(What you have to do):
The result should be an exact copy of every record, with no pictures kept.

(Source information):

════════════════

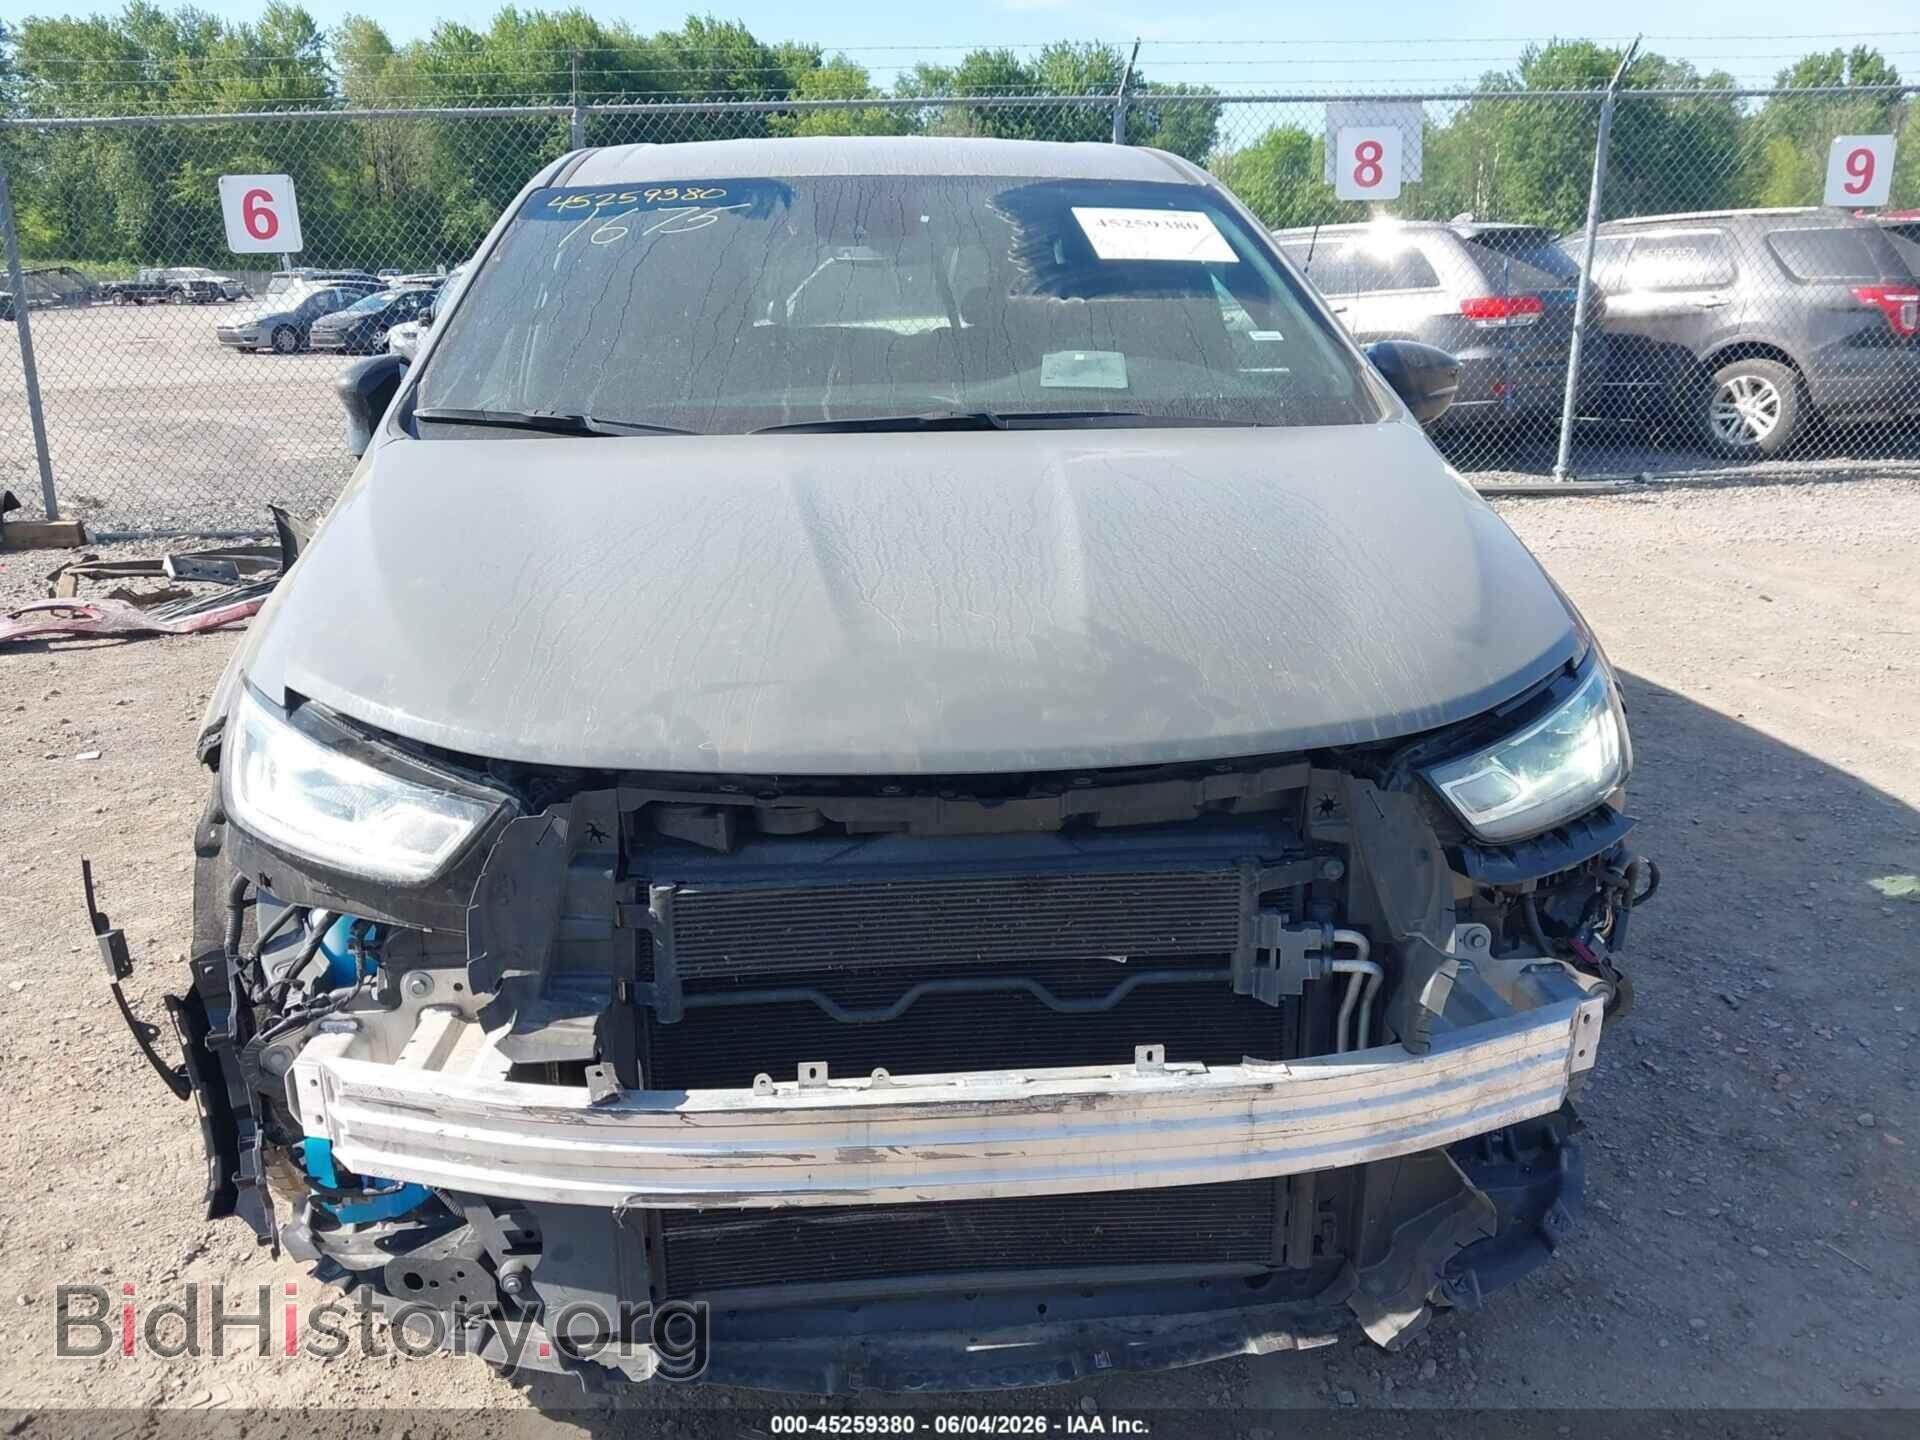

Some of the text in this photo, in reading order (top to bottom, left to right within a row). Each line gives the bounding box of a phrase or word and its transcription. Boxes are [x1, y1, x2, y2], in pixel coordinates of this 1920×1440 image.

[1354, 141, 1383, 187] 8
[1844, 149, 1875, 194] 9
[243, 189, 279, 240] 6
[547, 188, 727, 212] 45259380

════════════════

(Answer below):
Some of the text in this photo, in reading order (top to bottom, left to right within a row). Each line gives the bounding box of a phrase or word and its transcription. Boxes are [x1, y1, x2, y2], in pixel coordinates of this 1920×1440 image.

[1354, 141, 1383, 187] 8
[1844, 149, 1875, 194] 9
[243, 189, 279, 240] 6
[547, 188, 727, 212] 45259380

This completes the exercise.